| Exercise instructions |
Only the pictures are dropped. Restate each line below word for word.

| Records for the exercise |
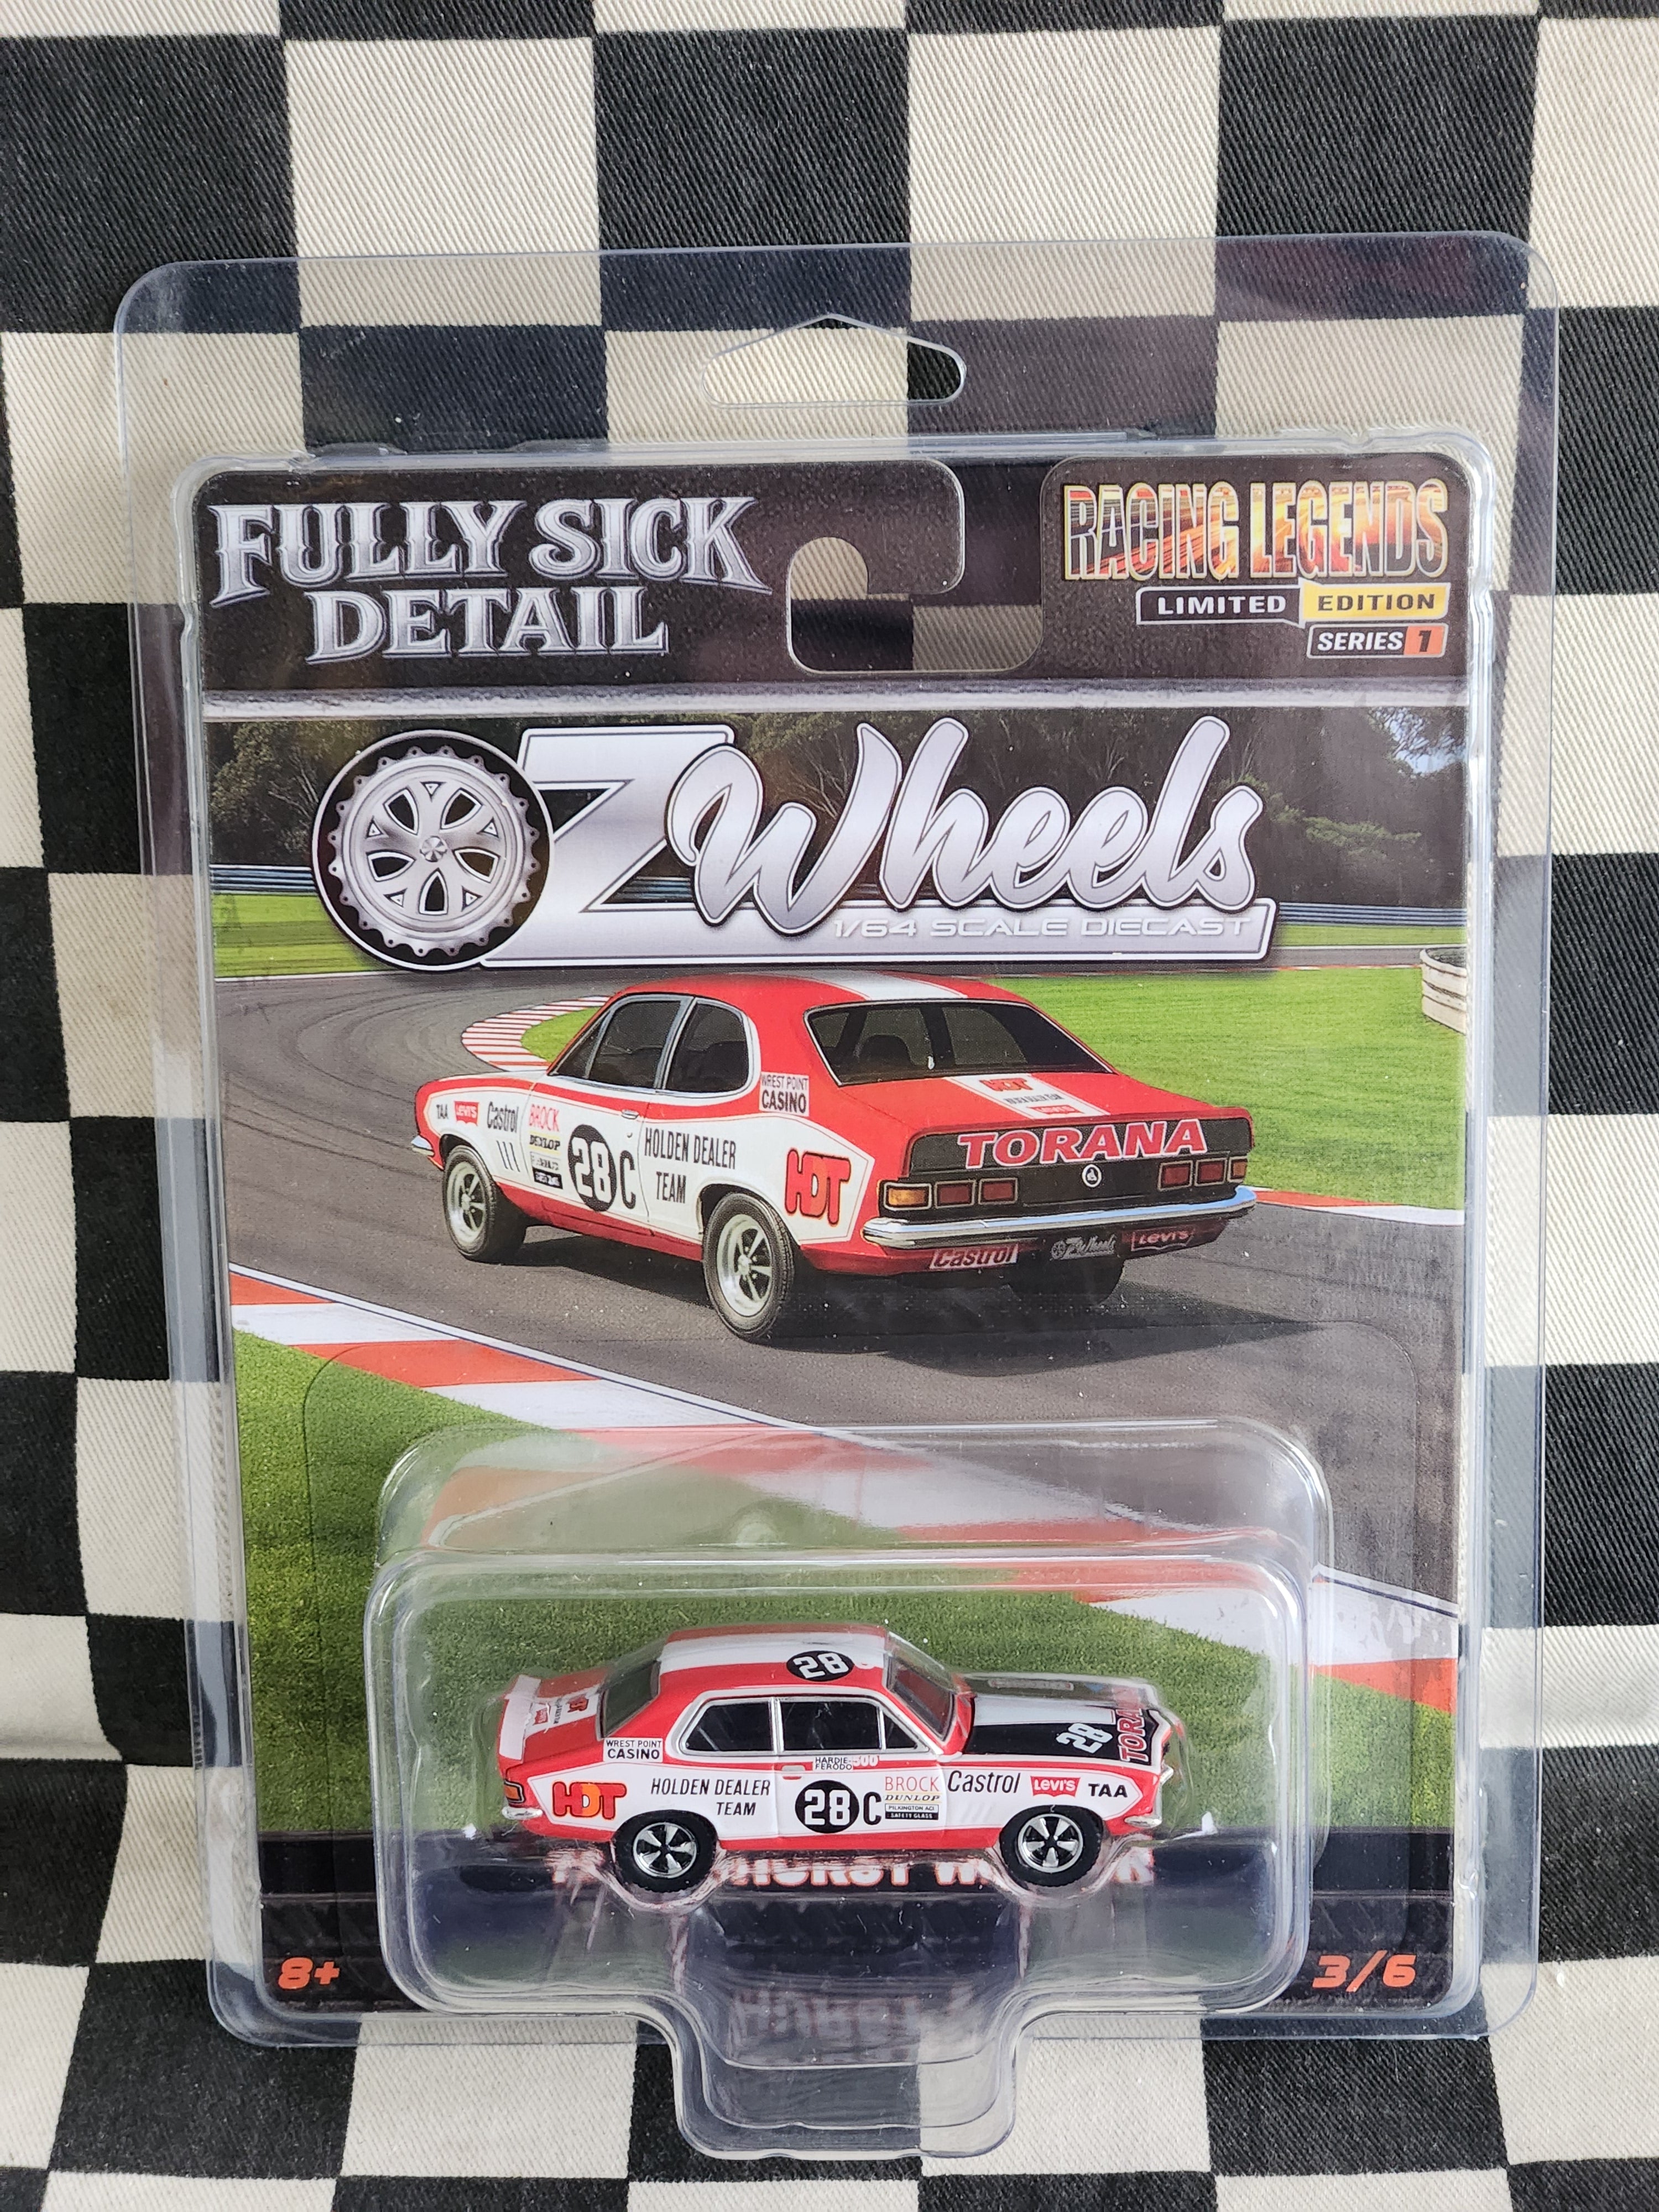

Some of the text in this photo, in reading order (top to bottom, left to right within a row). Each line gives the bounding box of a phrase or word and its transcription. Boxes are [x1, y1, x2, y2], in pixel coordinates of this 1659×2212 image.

[1063, 479, 1450, 581] RACING LEGENDS
[207, 496, 774, 608] FULLY SICK
[1157, 593, 1436, 615] LIMITED EDITION
[304, 585, 669, 665] DETAIL
[1317, 630, 1432, 652] SERIES 1
[665, 715, 1265, 936] Wheels
[833, 916, 1253, 937] 1/64 SCALE DIECAST
[487, 1101, 519, 1133] Castrol
[761, 1089, 807, 1114] CASINO
[529, 1104, 560, 1131] BROCK
[644, 1128, 737, 1170] HOLDEN DEALER
[957, 1118, 1209, 1170] TORANA
[573, 1137, 637, 1210] 28 C
[655, 1170, 687, 1204] TEAM
[785, 1147, 852, 1227] HDT
[932, 1246, 1019, 1267] Castrol
[792, 1652, 849, 1679] 28
[607, 1748, 660, 1760] CASINO
[1056, 1723, 1113, 1754] 28
[650, 1778, 771, 1796] HOLDEN DEALER
[885, 1776, 940, 1792] BROCK
[947, 1770, 1021, 1793] Castrol
[1088, 1783, 1128, 1798] TAA
[553, 1781, 627, 1820] HDT
[716, 1802, 757, 1816] TEAM
[804, 1788, 882, 1825] 28 C
[278, 1957, 340, 1990] 8+
[1312, 1949, 1417, 1993] 3/6
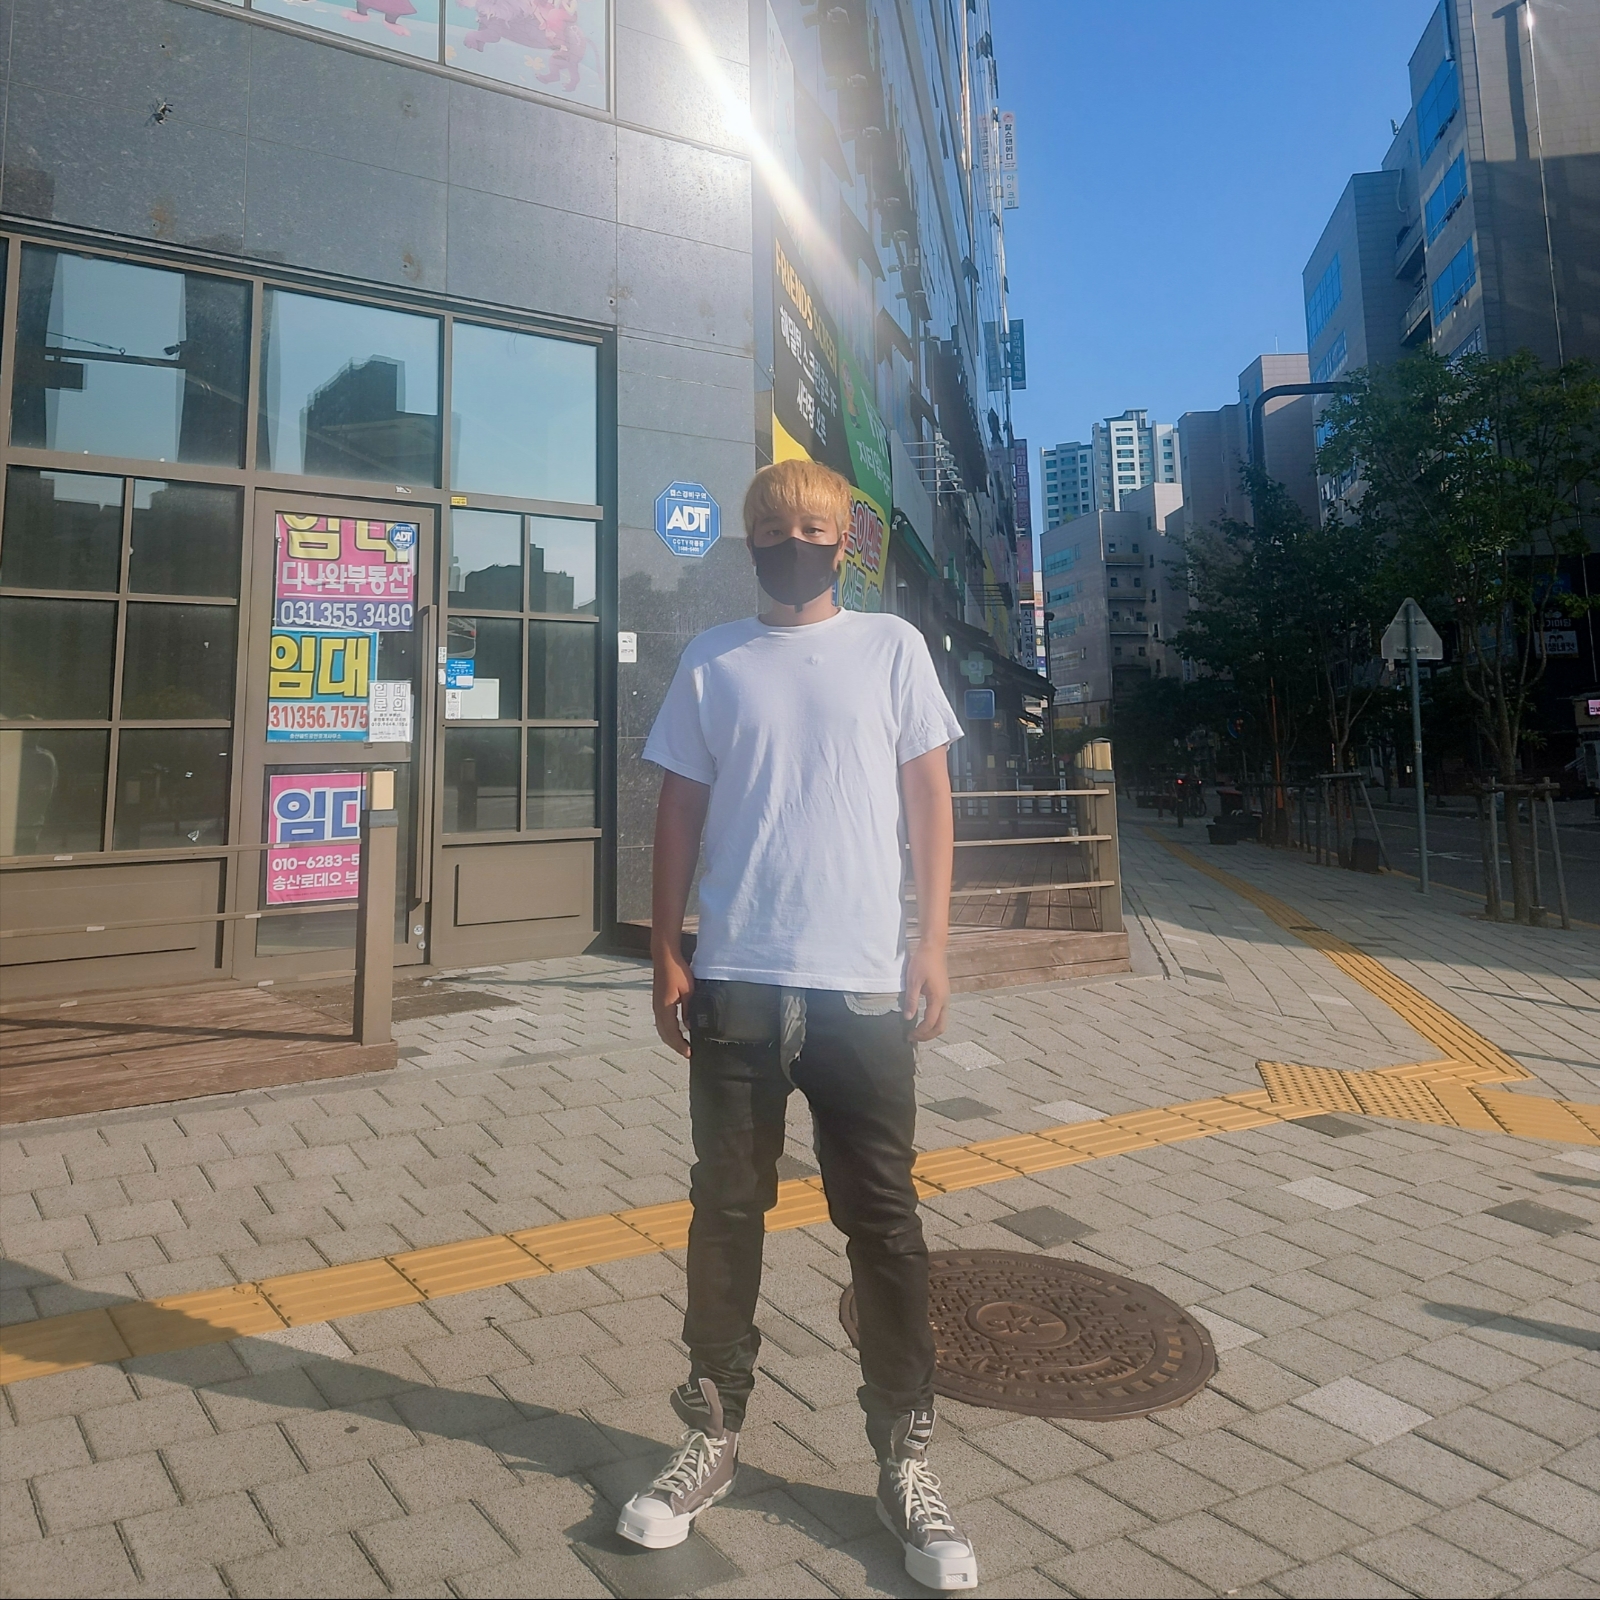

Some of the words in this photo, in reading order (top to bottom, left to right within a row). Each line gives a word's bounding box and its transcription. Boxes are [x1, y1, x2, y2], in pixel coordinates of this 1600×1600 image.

| Exercise response |
Some of the text in this photo, in reading order (top to bottom, left to right within a row). Each line gives the bounding box of a phrase or word and its transcription. Boxes are [x1, y1, x2, y2], in pixel coordinates of this 1659×2212 image.

[1063, 479, 1450, 581] RACING LEGENDS
[207, 496, 774, 608] FULLY SICK
[1157, 593, 1436, 615] LIMITED EDITION
[304, 585, 669, 665] DETAIL
[1317, 630, 1432, 652] SERIES 1
[665, 715, 1265, 936] Wheels
[833, 916, 1253, 937] 1/64 SCALE DIECAST
[487, 1101, 519, 1133] Castrol
[761, 1089, 807, 1114] CASINO
[529, 1104, 560, 1131] BROCK
[644, 1128, 737, 1170] HOLDEN DEALER
[957, 1118, 1209, 1170] TORANA
[573, 1137, 637, 1210] 28 C
[655, 1170, 687, 1204] TEAM
[785, 1147, 852, 1227] HDT
[932, 1246, 1019, 1267] Castrol
[792, 1652, 849, 1679] 28
[607, 1748, 660, 1760] CASINO
[1056, 1723, 1113, 1754] 28
[650, 1778, 771, 1796] HOLDEN DEALER
[885, 1776, 940, 1792] BROCK
[947, 1770, 1021, 1793] Castrol
[1088, 1783, 1128, 1798] TAA
[553, 1781, 627, 1820] HDT
[716, 1802, 757, 1816] TEAM
[804, 1788, 882, 1825] 28 C
[278, 1957, 340, 1990] 8+
[1312, 1949, 1417, 1993] 3/6

Some of the words in this photo, in reading order (top to bottom, left to right within a row). Each line gives a word's bounding box and its transcription. Boxes are [x1, y1, x2, y2], in pixel coordinates of this 1600×1600 image.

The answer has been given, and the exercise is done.